Sir Rowland Lytton (also Roland Litton) (28 September 1561 – 23 June 1615) was an English lawyer and politician who sat in the House of Commons variously between 1586 and 1611.

Life
Rowland Lytton was the only son of Rowland Lytton of Knebworth, Hertfordshire, and his second wife, Anne Carleton, daughter of John Carleton of Brightwell Baldwin, Oxfordshire, and sister of George Carleton.

He was admitted to Caius College, Cambridge in 1576 at the age of 14, and to Gray's Inn in 1579. He succeeded his father in 1582.

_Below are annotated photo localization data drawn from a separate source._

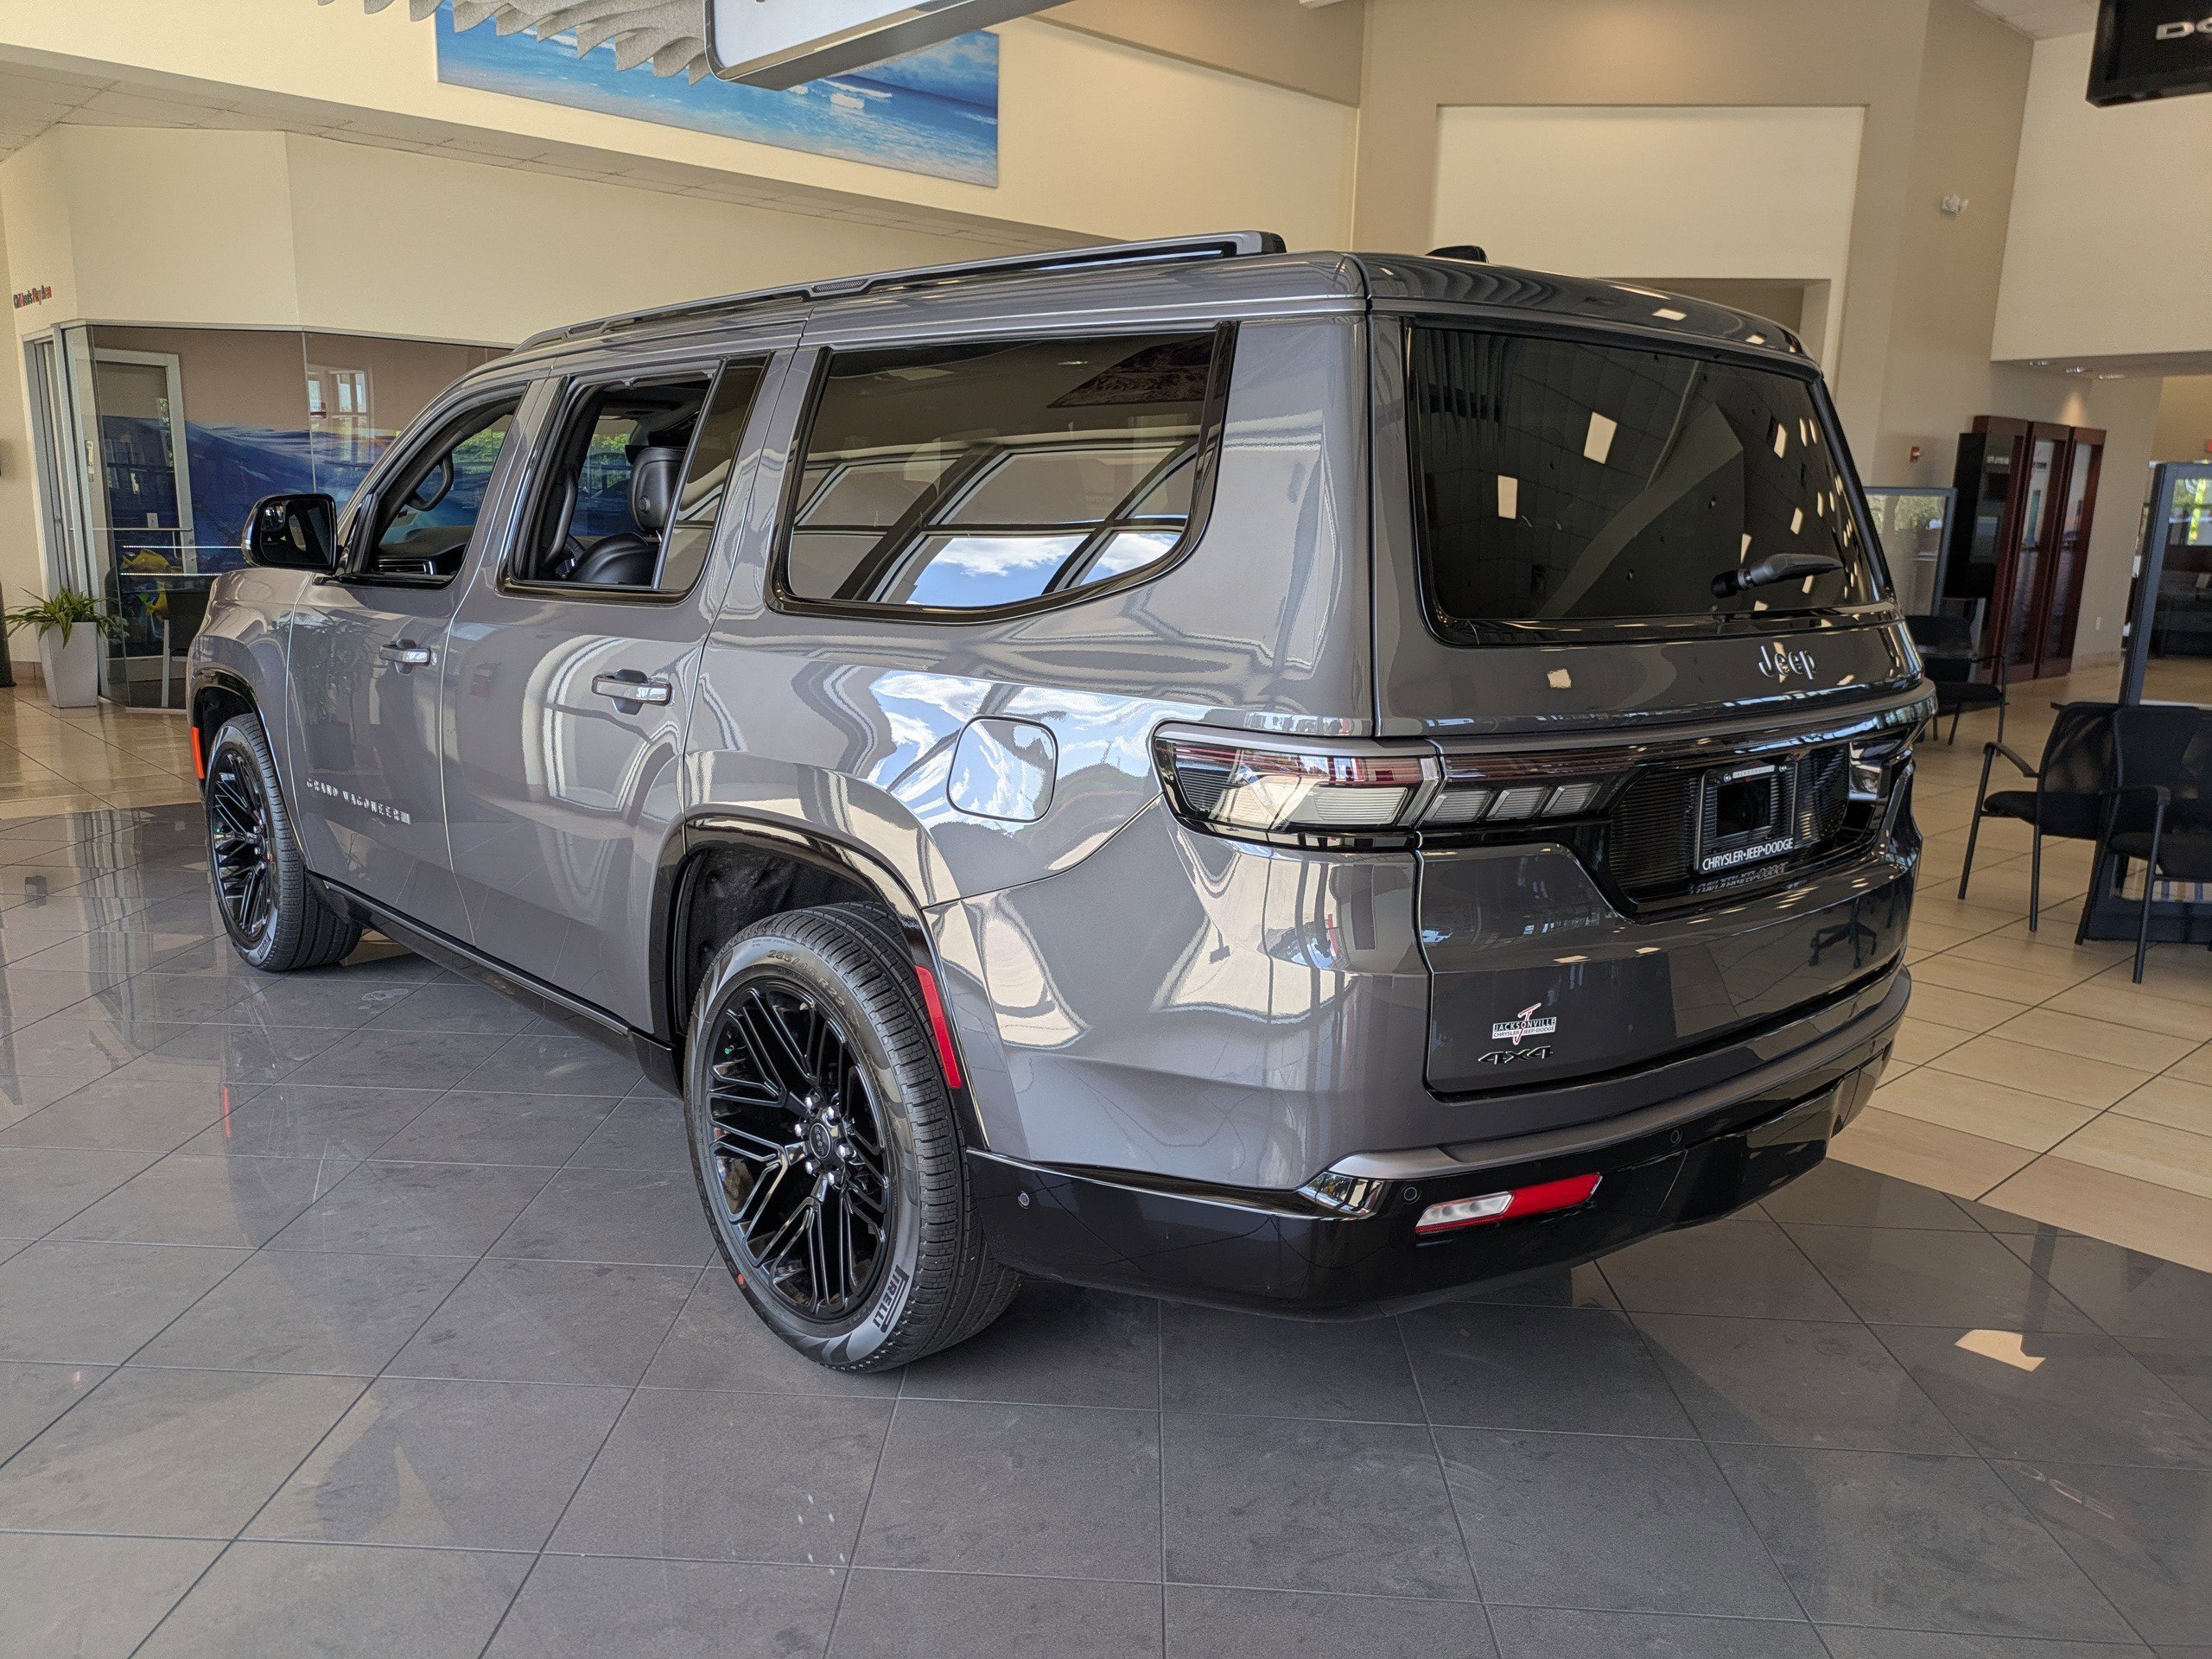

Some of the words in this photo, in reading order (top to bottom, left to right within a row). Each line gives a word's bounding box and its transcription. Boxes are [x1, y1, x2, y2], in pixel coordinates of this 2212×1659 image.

[1758, 645, 1818, 680] Jeep
[307, 778, 339, 797] GRAND
[342, 791, 400, 822] WAGONEER
[1494, 1019, 1555, 1032] JACKSONVILLE
[873, 1264, 910, 1333] PIRELLI

Lytton was a Member of Parliament for Truro, Cornwall from 1586 to 1587. He was a Justice of the Peace for Hertfordshire in 1587 to his death and Sheriff of Hertfordshire for 1594–1595. He was MP for Hertfordshire from 1597 to 1598. In 1603, he was knighted and was MP for Hertfordshire again from 1604 to 1611. He was a Deputy Lieutenant for Essex from 1605 until his death.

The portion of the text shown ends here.